AVAILABLE DATA Block Start

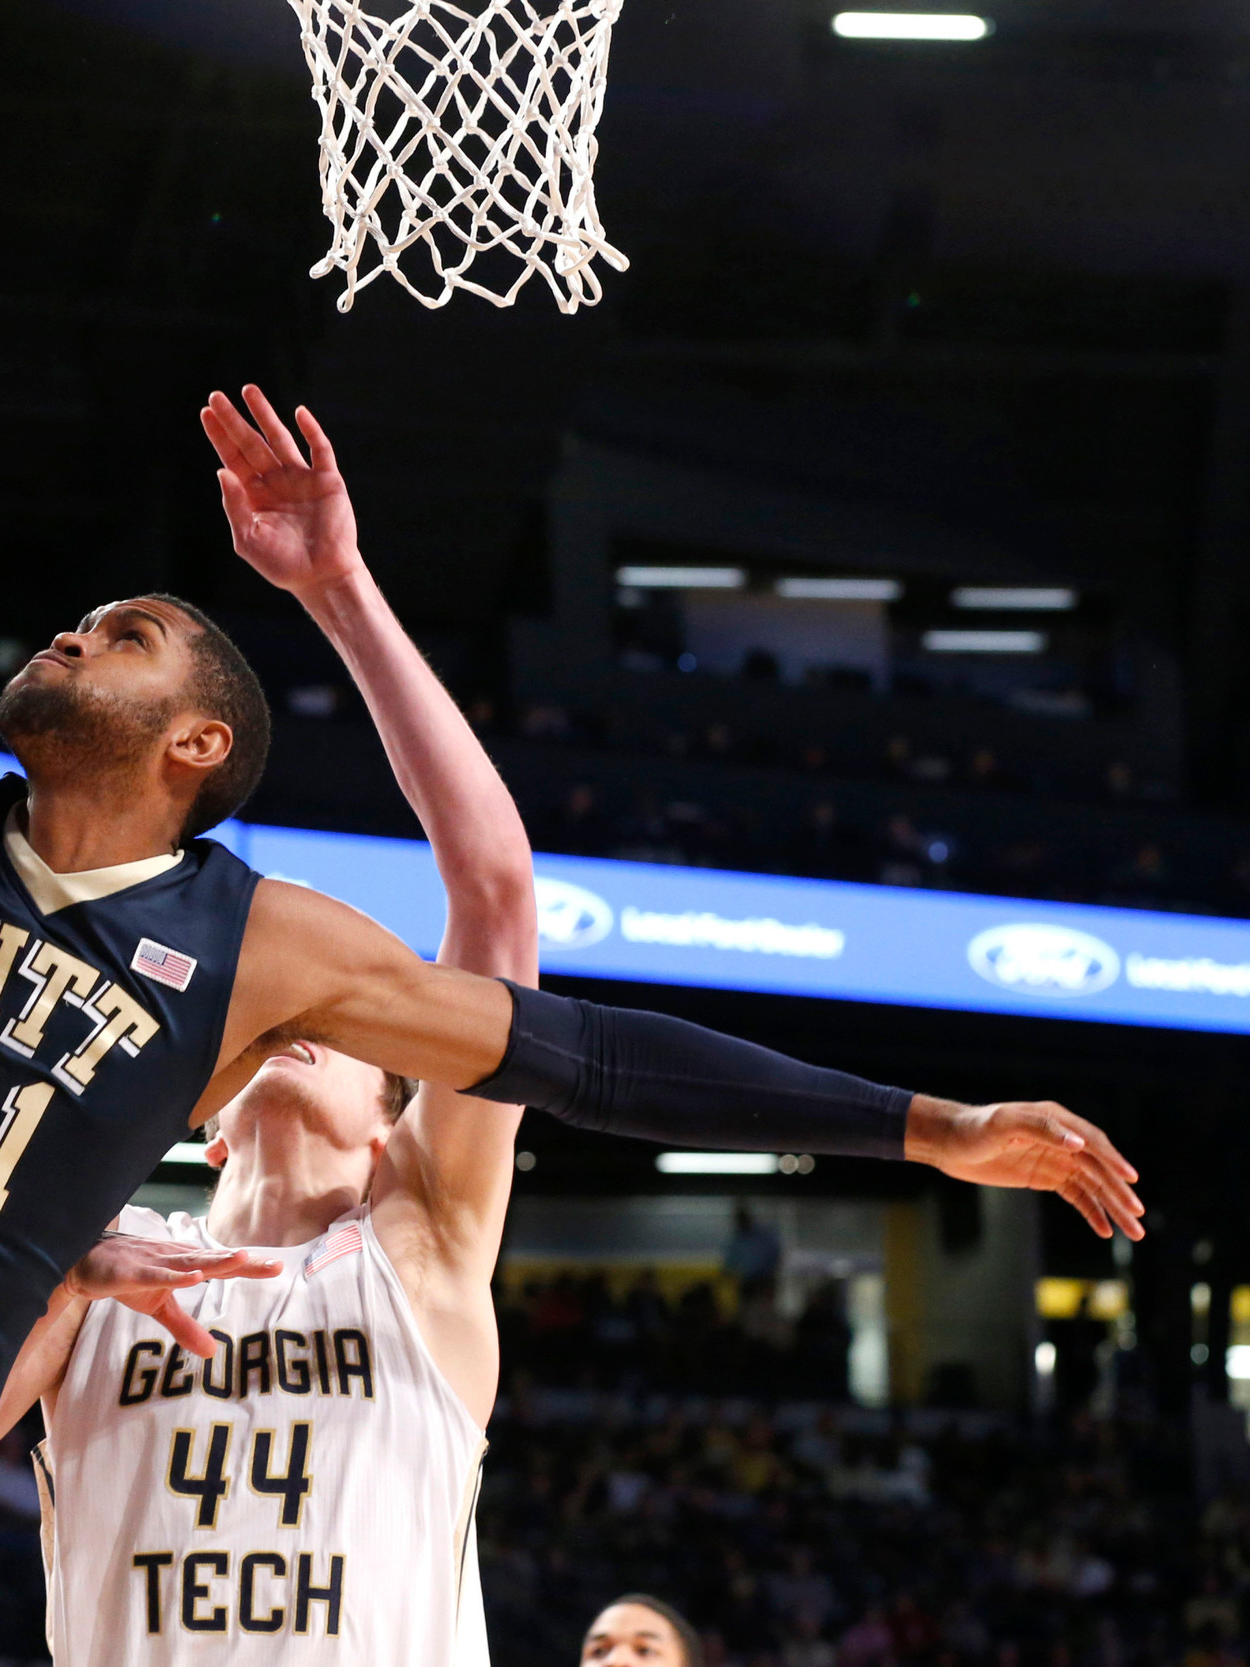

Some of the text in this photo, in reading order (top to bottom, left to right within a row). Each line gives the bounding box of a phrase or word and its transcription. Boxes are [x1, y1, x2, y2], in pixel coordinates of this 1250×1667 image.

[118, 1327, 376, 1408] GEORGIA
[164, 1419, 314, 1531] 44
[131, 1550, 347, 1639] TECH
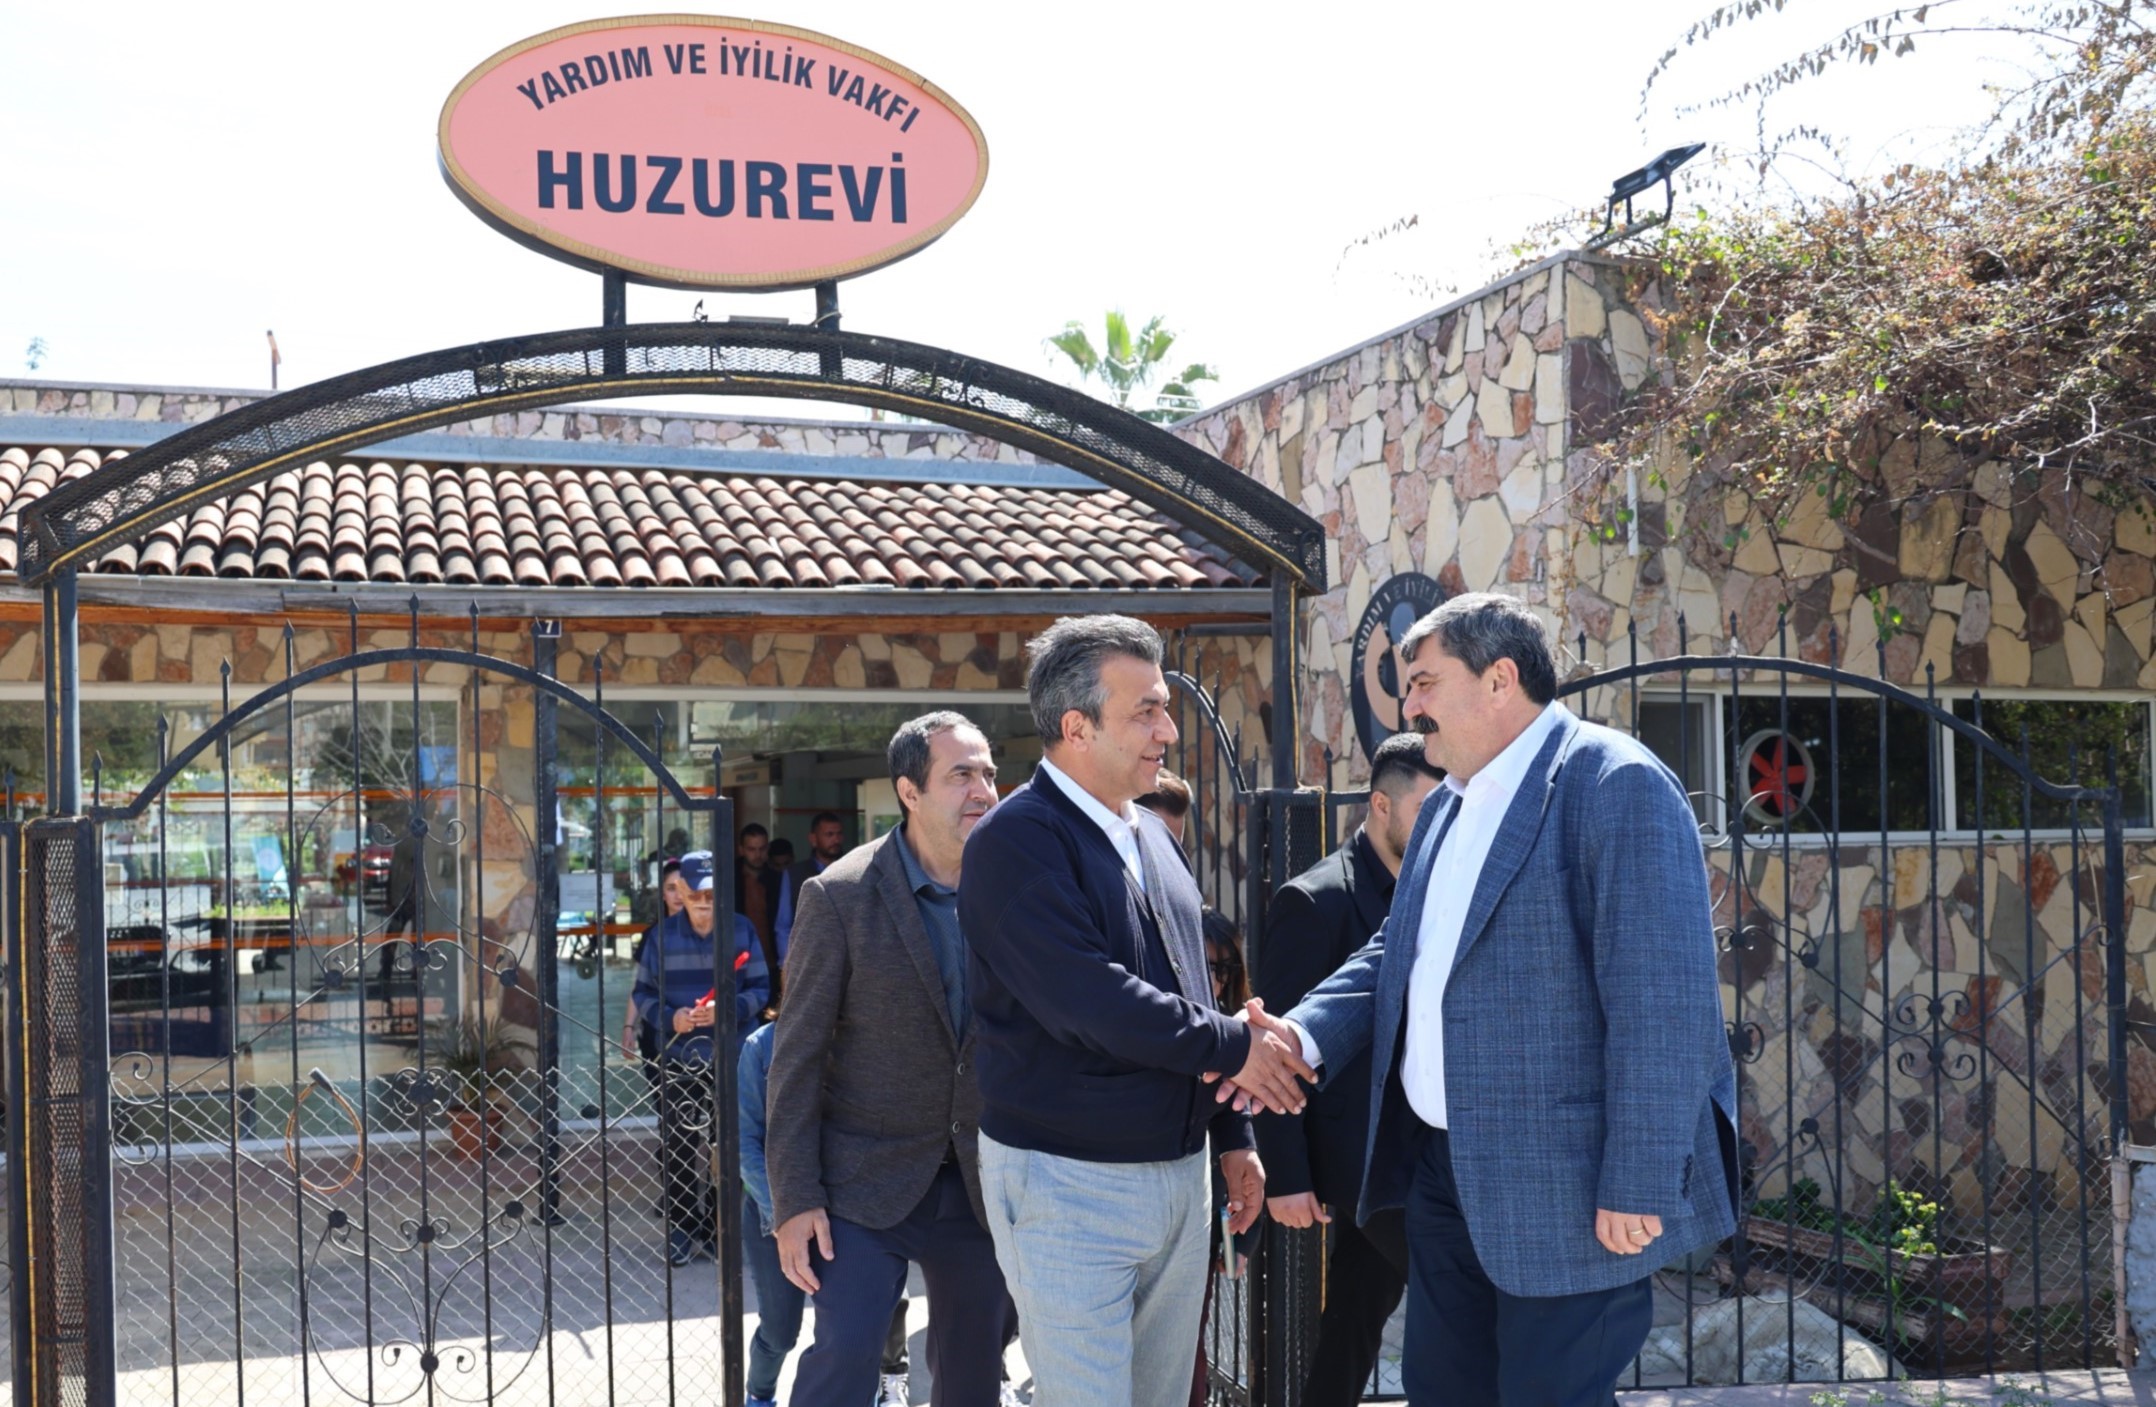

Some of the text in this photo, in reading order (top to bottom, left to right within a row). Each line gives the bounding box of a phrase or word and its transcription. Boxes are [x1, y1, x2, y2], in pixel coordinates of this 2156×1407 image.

AVAILABLE DATA Block End

[THE TASK]
All that is needed is an exact copy of the entries above, minus the pictures.

[FINISHED TASK]
Some of the text in this photo, in reading order (top to bottom, left to right within a row). Each line gives the bounding box of a phrase or word and its transcription. Boxes are [x1, y1, x2, y2], in pixel coordinates of this 1250×1667 image.

[118, 1327, 376, 1408] GEORGIA
[164, 1419, 314, 1531] 44
[131, 1550, 347, 1639] TECH

Some of the text in this photo, in reading order (top to bottom, left to right within a row). Each line gives the bounding box of a phrase or word and its transcription. Boxes are [x1, y1, x2, y2], in pixel coordinates of this 2156×1407 image.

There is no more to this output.